São Paulo, terça-feira, 05 de novembro de 2002

Texto Anterior | Próximo Texto | Índice

TENDÊNCIAS/DEBATES

Acerto de contas

ARNALDO CARRILHO

A sociedade cansou-se de tantas incertezas e tanto empenho dos nossos social-democratas em provar que "o mercado não erra". Adam Smith, legítimo pai do liberalismo, jamais preconizaria medidas recessivas para uma economia como a nossa.
Durante quase oito anos, tentou-se acabar com o varguismo, conquanto o ditador estadonovista se tenha por idêntico período revelado politicamente mais astuto. Âncoras cambiais levantadas, juros em alturas inalcançáveis, créditos estrangulados, cortes asfixiantes nos gastos não se justificam prolongadamente, em nome da geração de saldos primários. Cada número digitado nas urnas eletrônicas equivaleu a uma porretada na arrogância das opções conducentes ao desastre econômico.
Os sufragados têm agora uma tarefa imensa pela frente e pelos flancos. A área audiovisual, vítima da tática de terra arrasada em suas inglórias batalhas desde 1926, requer tratamento prioritário.
Ela engendra informação, conhecimento, educação, cultura, lazer, arte e não está injustificadamente em mãos brasileiras. Tal significa, em cada meio e suporte de expressão -redes televisivas, telas de cinema, comércio de VHS e DVDs e até videojogos-, a virulência de uma situação colonial que merece correção imediata. Não é possível que, por conformismos oportunistas, cruzemos os braços diante desse escândalo, impedindo a dinâmica da criatividade verdadeiramente autóctone.
O mercado brasileiro de imagens sonorizadas, se no passado consagrava a concorrência imperfeita, prendeu-se às garras monopolizantes das distribuidoras americanas. Elas determinam o que pode o espectador ver, inclusive no caso de produções não-hollywoodianas.
Como exclama o repórter na televisão, "isso é uma vergonha"! Já que nada se fez até agora, urge ao próximo governo cumprir o que prescreve o art. 173, par. 4º, da Constituição. Ali se estatui que ao Estado incumbe reprimir (o termo é este) a dominação dos mercados e a eliminação da concorrência. Define-as, ao lado do aumento arbitrário dos lucros, como abuso do poder econômico (para o que existe remédio na lei ordinária nº 8.884/94).

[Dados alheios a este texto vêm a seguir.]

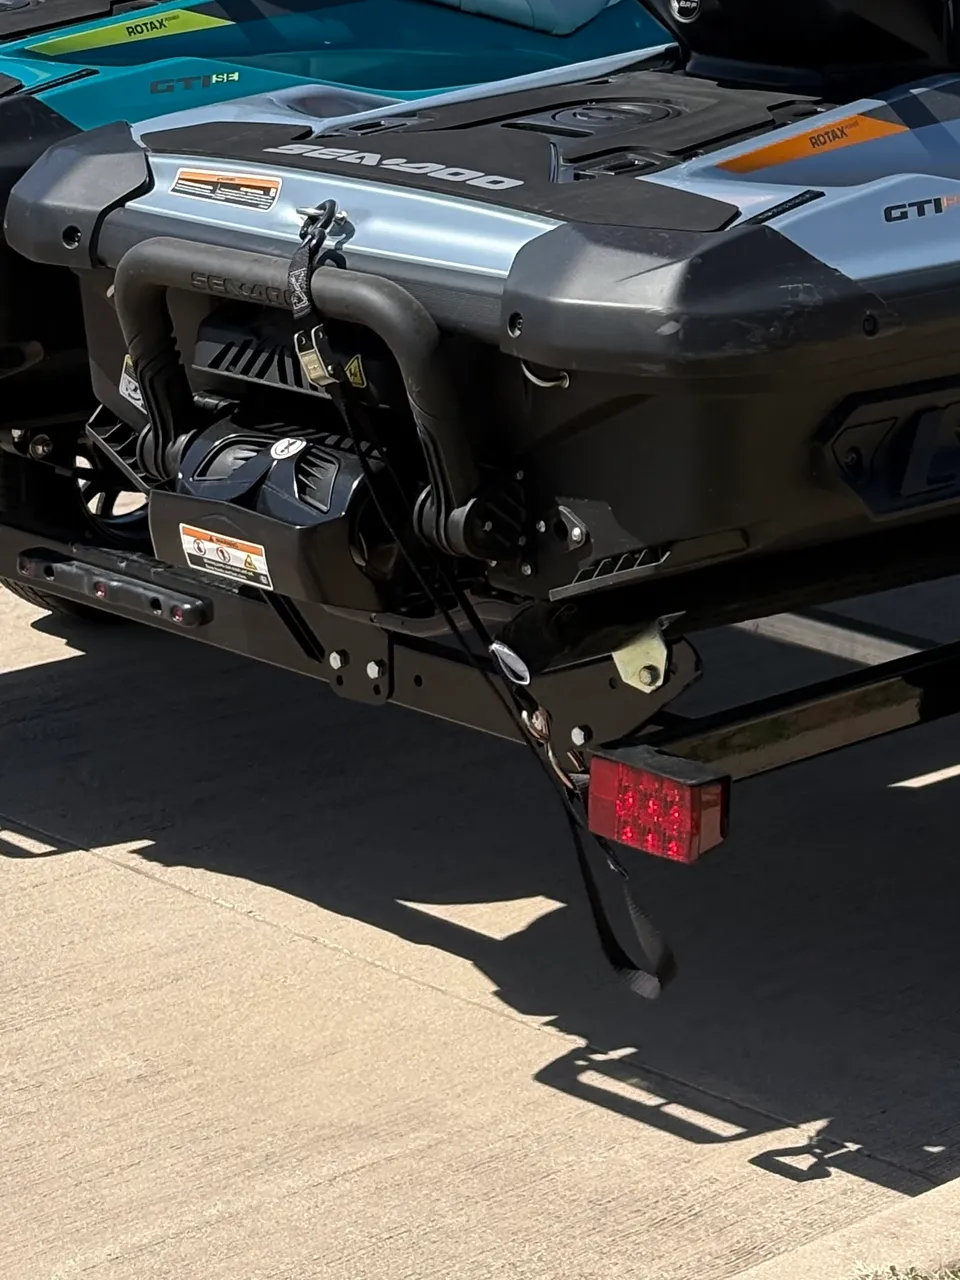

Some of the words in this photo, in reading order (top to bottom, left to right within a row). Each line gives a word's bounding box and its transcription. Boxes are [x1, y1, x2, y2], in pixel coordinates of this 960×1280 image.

[126, 18, 167, 37] ROTAX
[149, 74, 212, 94] GTI
[809, 126, 848, 148] ROTAX
[884, 197, 943, 223] GTI
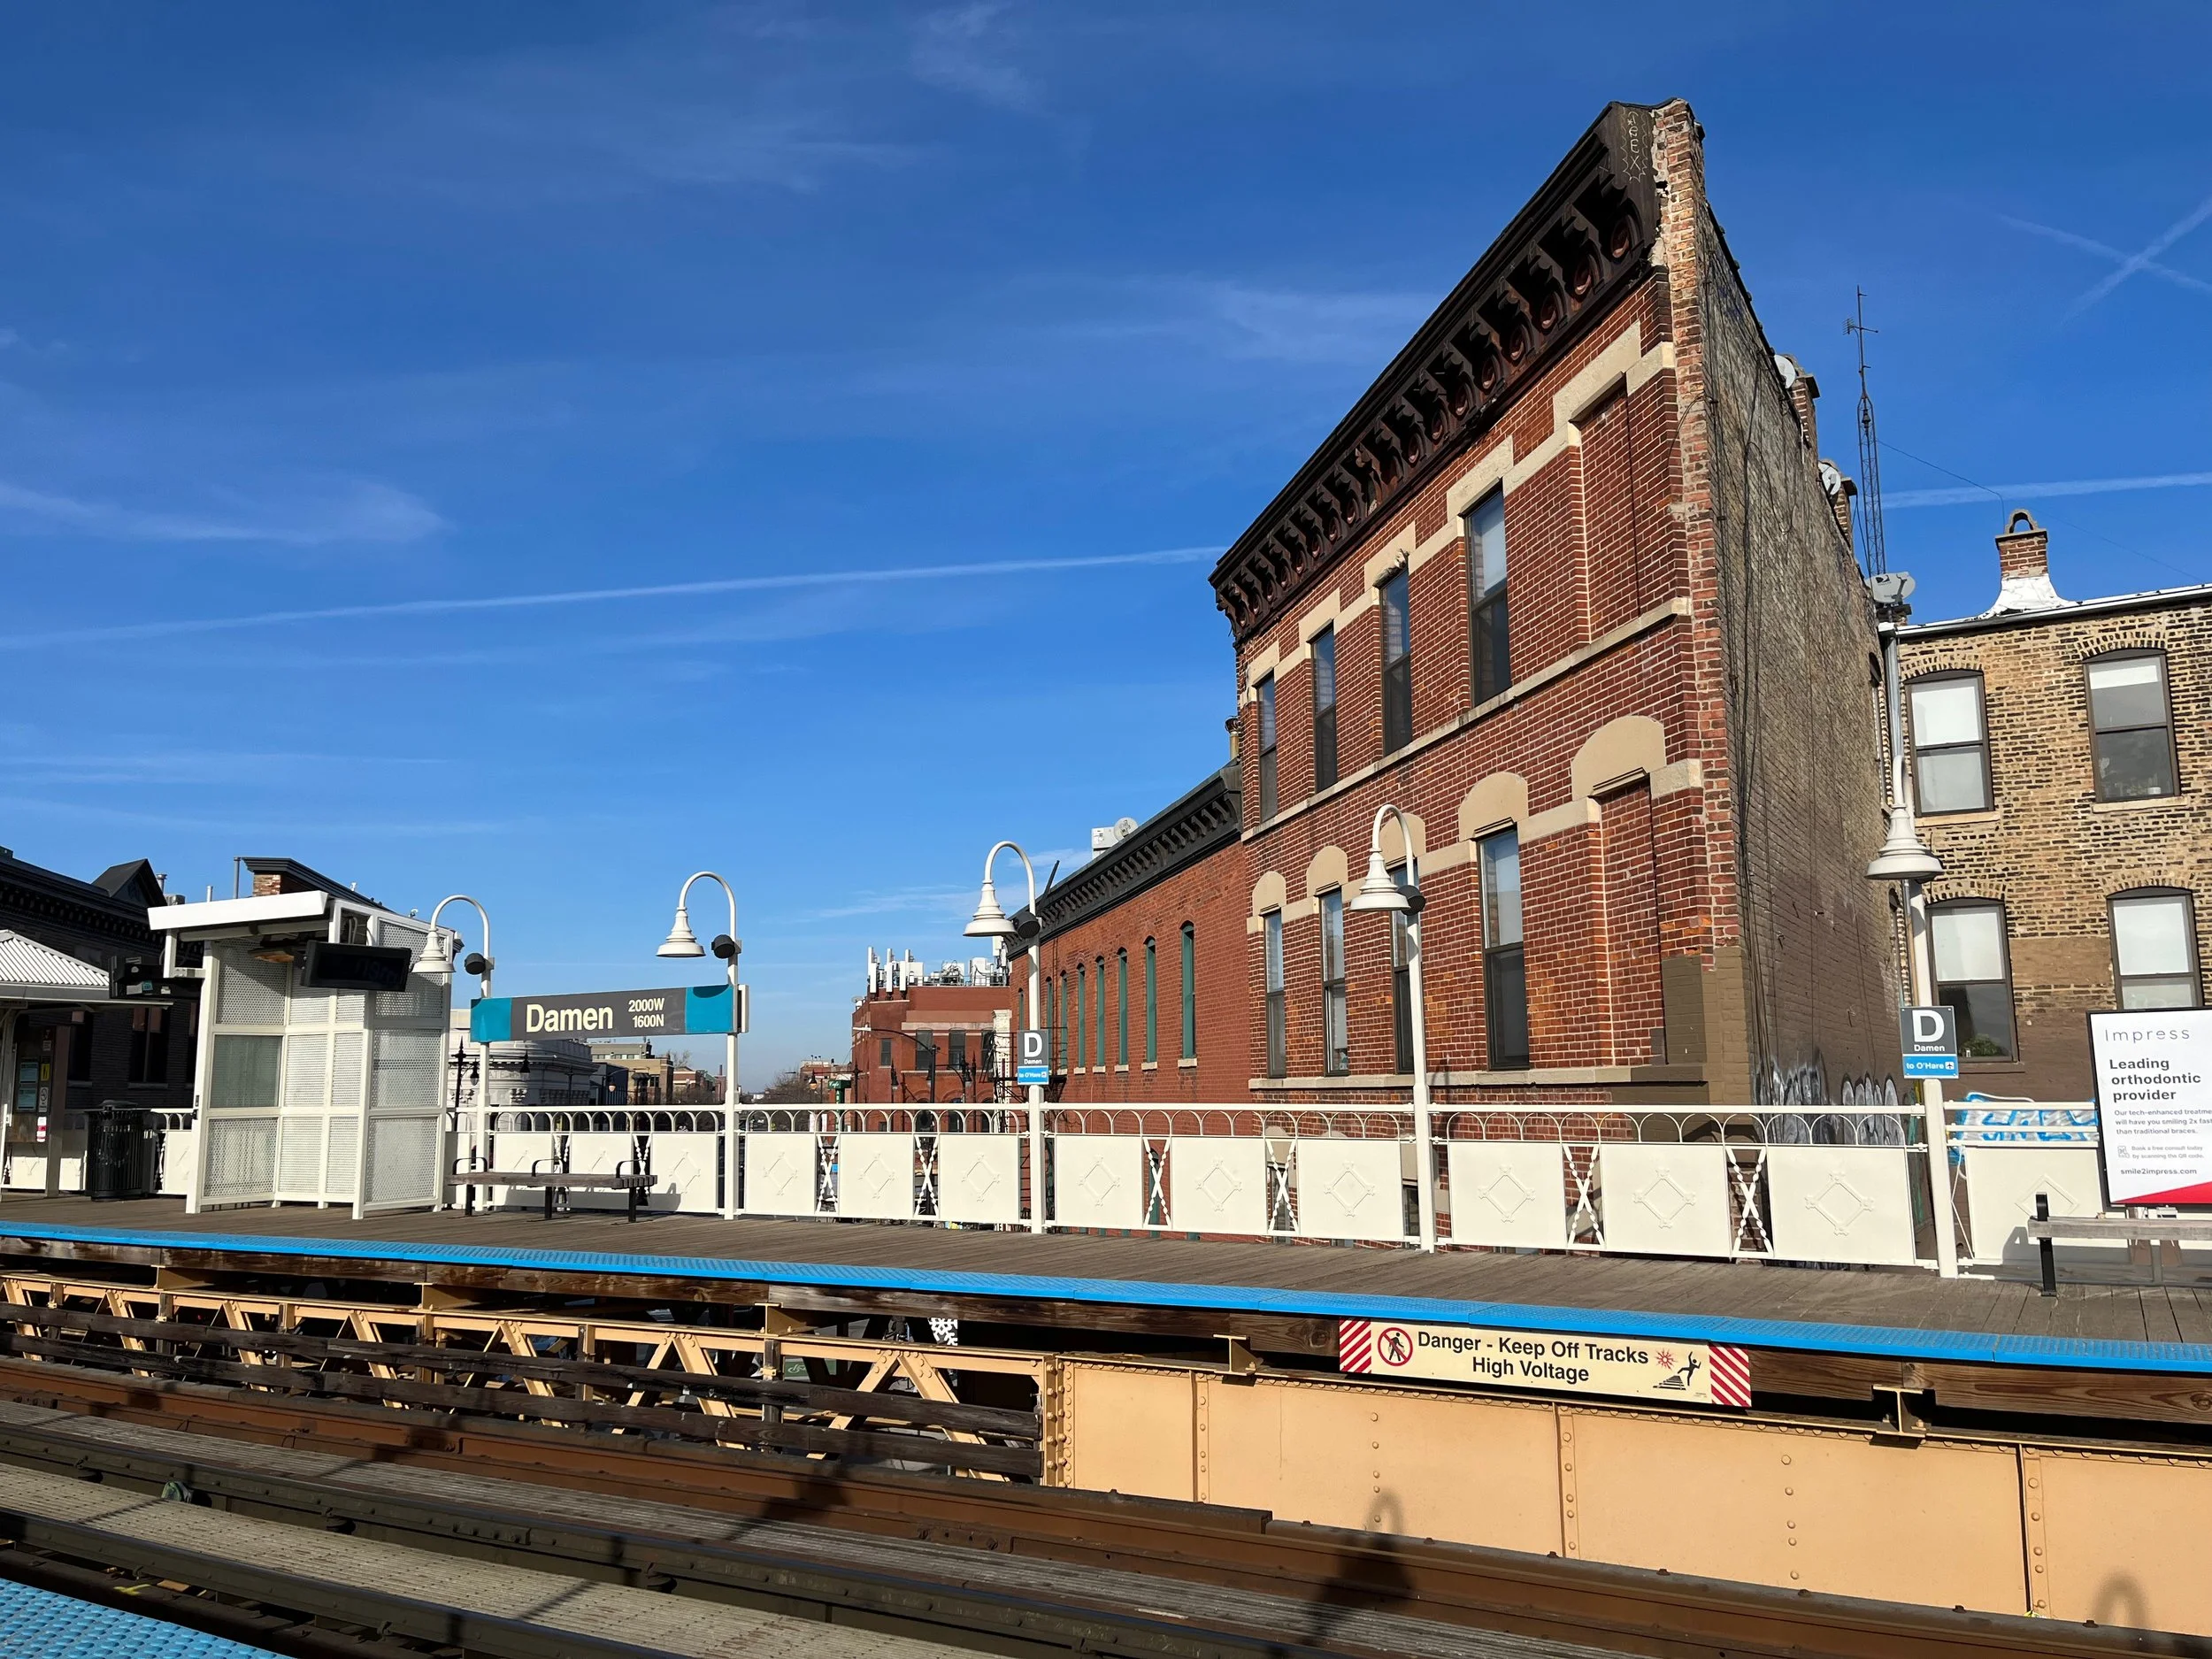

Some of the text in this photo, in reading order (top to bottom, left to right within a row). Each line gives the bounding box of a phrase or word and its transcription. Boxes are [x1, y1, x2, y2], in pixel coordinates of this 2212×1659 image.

[628, 997, 664, 1012] 2000W
[526, 1003, 613, 1033] Damen
[633, 1013, 664, 1028] 1600N
[1912, 1010, 1945, 1042] D
[2105, 1029, 2190, 1043] Impress
[1024, 1032, 1043, 1057] D
[2109, 1058, 2170, 1071] Leading
[2111, 1072, 2201, 1085] orthodontic
[2113, 1089, 2177, 1103] provider
[1417, 1331, 1482, 1354] Danger
[1499, 1337, 1546, 1360] Keep
[1551, 1340, 1580, 1359] Off
[1584, 1343, 1649, 1364] Tracks
[1472, 1356, 1590, 1385] High Voltage

O mercado brasileiro de imagens sonorizadas prendeu-se às garras monopolizantes das distribuidoras americanas


Deve-se, ao mesmo tempo, chamar às falas as redes televisivas privadas, cujo poder dentro do Estado é incomensurável, solicitando-lhes colaboração. Caso não atendam a esse apelo, adote-se nova legislação concessiva, criando-se para tal um conselho social da radiodifusão, desprovido de vícios corporativos.
Liberdade de expressão exige autonomias conceituais de indivíduos e empresas, engajando-se ao menos em exibir cerca de 60% de produções nacionais, sul-americanas, européias, asiáticas e africanas. Temos de pular a cerca do curral americano, sob pena de continuarmos neste isolamento do resto do planeta.
Ainda no que tange ao setor, do próximo governo requerem-se cuidados especiais com as TVs públicas, em estado de abandono. Necessitam todas de investimentos, aquisição de equipamentos, renovação de programas e treinamento de pessoal, além de influxos tecnológicos aprimorados.
A mecânica das renúncias fiscais, fontes de captação de recursos financeiros incentivados, revela um vício de origem: projetos aprovados pelo Ministério da Cultura ou por secretarias estaduais e municipais de Cultura não atingem o povo; ficam submetidos ao alvedrio das "políticas" de empresas públicas ou privadas, manipuladoras de dinheiros que não lhes pertencem.
Os burocratas lavam as mãos, enquanto operadores culturais, equivocadamente designados de "produtores" -na verdade, atravessadores de negócios-, engalfinham-se para conquistar ou preservar "chasses gardées". Há que pôr cobro a essa perversão, mediante fundos depositados nos tesouros das três órbitas da Federação e administrados pelos órgãos competentes, responsáveis perante a sociedade.
Deve-se, a bem da verdade objetiva, ressaltar mais uma vez que são públicos os recursos incentivados. Não cabe às empresas aplicá-los como querem. O corolário é meridiano: dinheiro público se investe em projetos públicos. Diretamente, sem intermediários. Isso é elementar em políticas públicas.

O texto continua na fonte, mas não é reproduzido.